(Stored data)
____________
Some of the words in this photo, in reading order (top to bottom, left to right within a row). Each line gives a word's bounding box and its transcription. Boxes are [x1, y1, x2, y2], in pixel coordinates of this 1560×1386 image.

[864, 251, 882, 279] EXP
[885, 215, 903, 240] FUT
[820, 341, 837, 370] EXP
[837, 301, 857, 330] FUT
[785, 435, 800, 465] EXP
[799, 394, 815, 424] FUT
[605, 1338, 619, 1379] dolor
____________
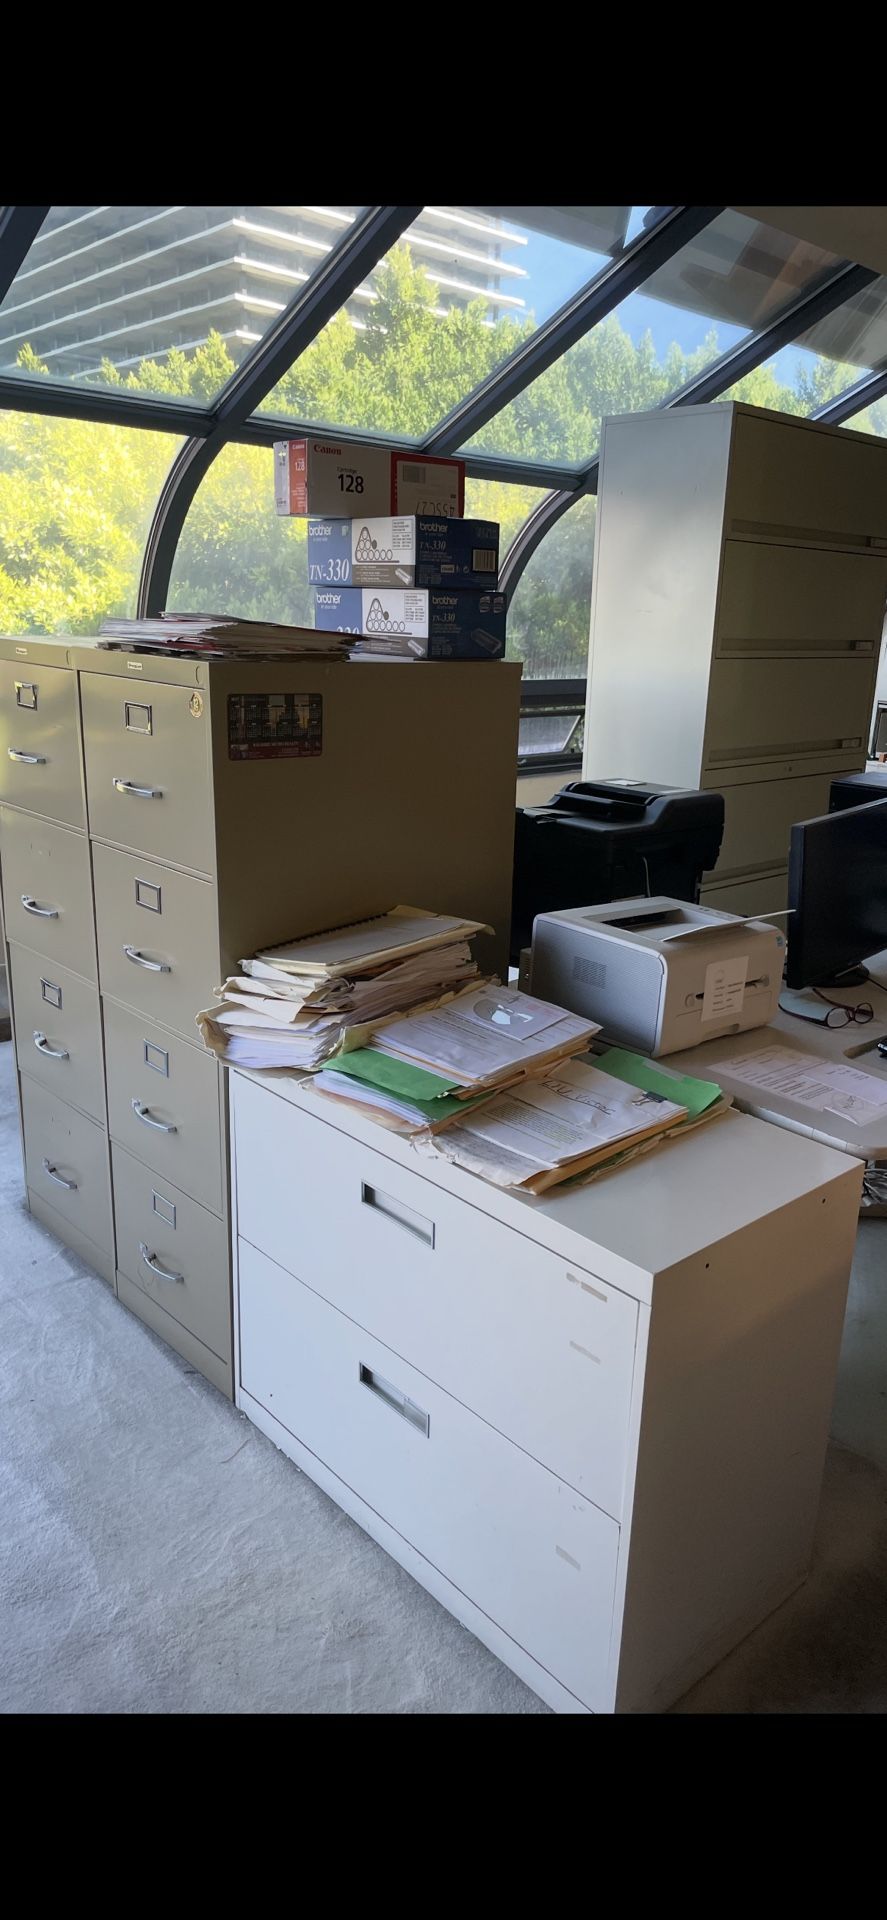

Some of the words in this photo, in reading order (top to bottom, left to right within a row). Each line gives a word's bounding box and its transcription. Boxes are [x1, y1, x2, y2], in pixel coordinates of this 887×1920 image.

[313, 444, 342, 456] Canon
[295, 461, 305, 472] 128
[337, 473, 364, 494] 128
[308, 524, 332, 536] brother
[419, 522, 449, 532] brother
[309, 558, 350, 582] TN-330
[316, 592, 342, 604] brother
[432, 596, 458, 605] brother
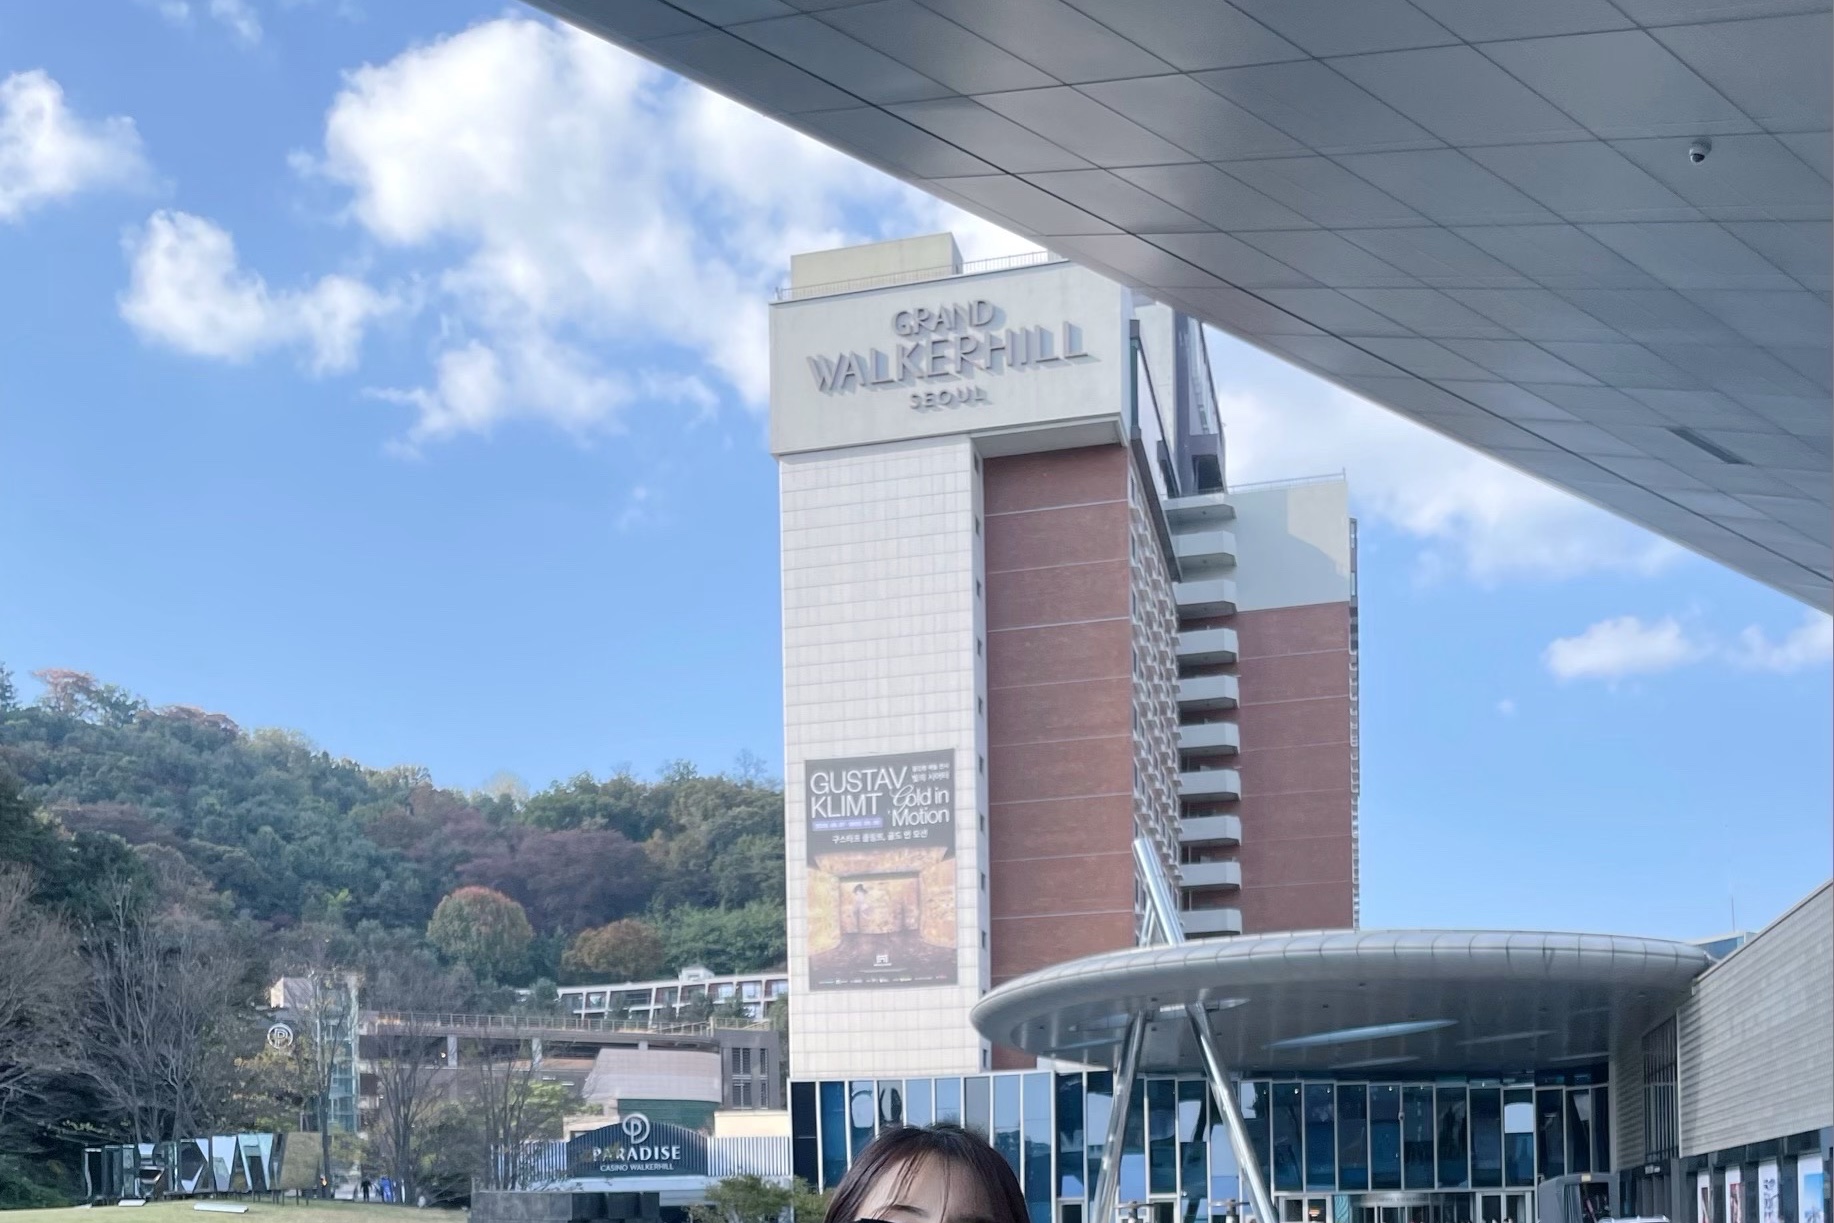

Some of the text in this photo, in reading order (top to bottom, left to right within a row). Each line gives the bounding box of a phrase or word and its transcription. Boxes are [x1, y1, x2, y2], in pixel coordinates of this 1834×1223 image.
____________
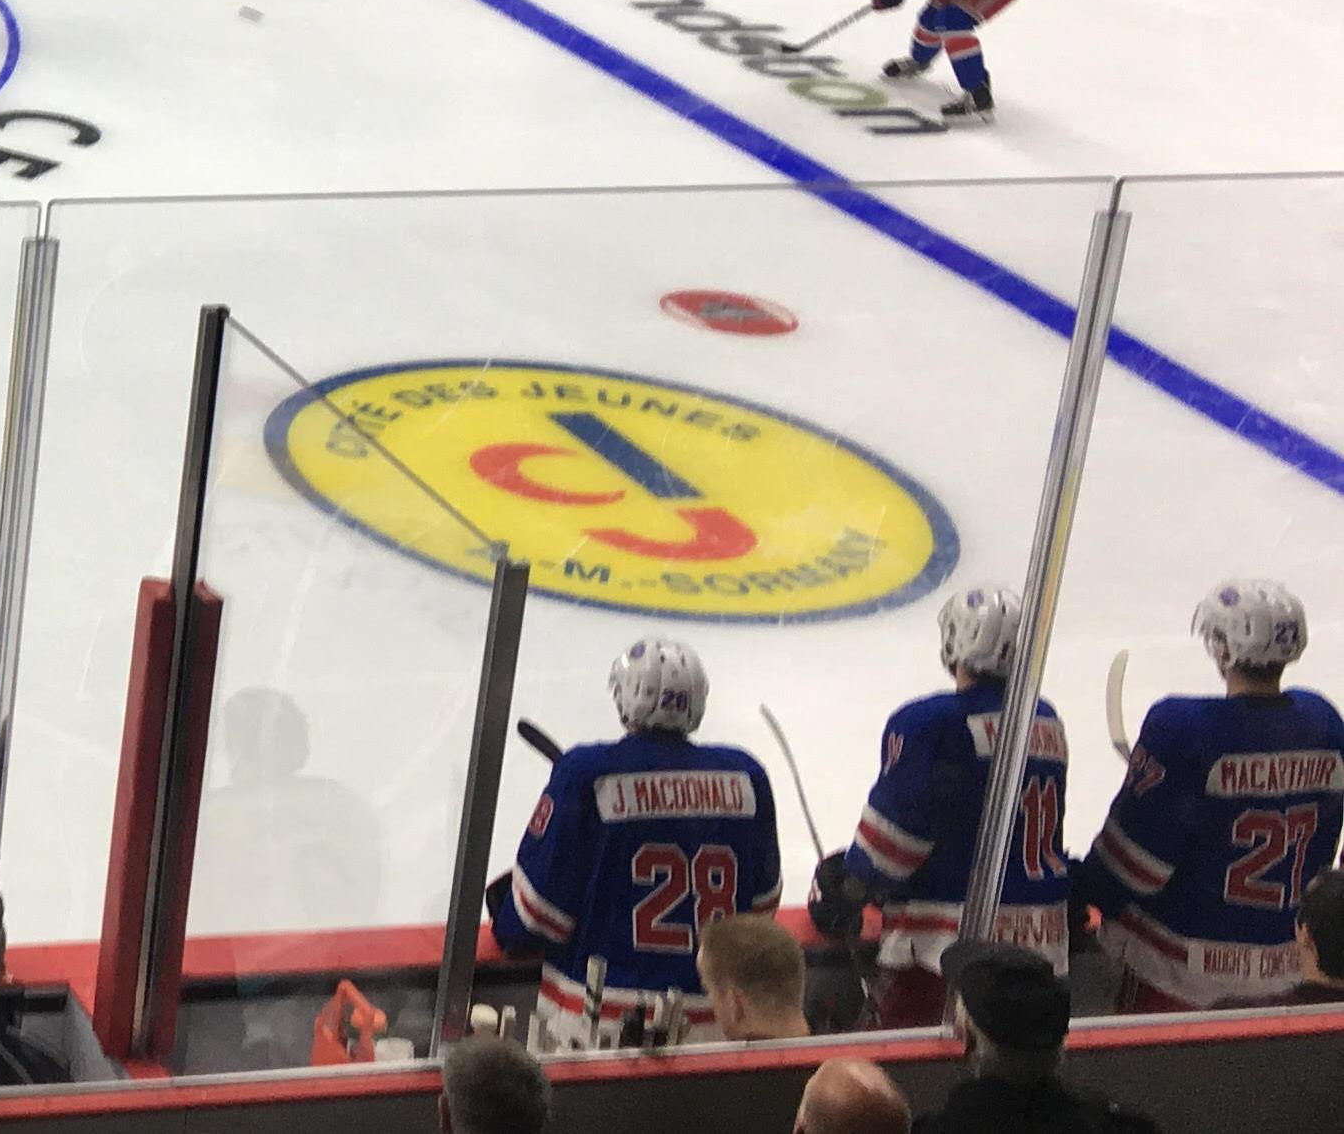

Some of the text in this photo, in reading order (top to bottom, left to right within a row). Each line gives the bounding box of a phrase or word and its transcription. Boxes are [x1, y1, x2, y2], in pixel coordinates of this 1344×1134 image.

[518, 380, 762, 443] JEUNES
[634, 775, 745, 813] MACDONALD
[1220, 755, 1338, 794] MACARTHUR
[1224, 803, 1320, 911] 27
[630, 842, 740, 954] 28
____________
Problem:
Write out word for word the lines above that run from the one with "this 887×1920 image." to the one with "this 1834×1223 image.". Include both end lines; exclude the images.

Result of the exercise:
Some of the words in this photo, in reading order (top to bottom, left to right within a row). Each line gives a word's bounding box and its transcription. Boxes are [x1, y1, x2, y2], in pixel coordinates of this 887×1920 image.

[313, 444, 342, 456] Canon
[295, 461, 305, 472] 128
[337, 473, 364, 494] 128
[308, 524, 332, 536] brother
[419, 522, 449, 532] brother
[309, 558, 350, 582] TN-330
[316, 592, 342, 604] brother
[432, 596, 458, 605] brother

Some of the text in this photo, in reading order (top to bottom, left to right within a row). Each line gives the bounding box of a phrase or word and its transcription. Boxes are [x1, y1, x2, y2], in pixel coordinates of this 1834×1223 image.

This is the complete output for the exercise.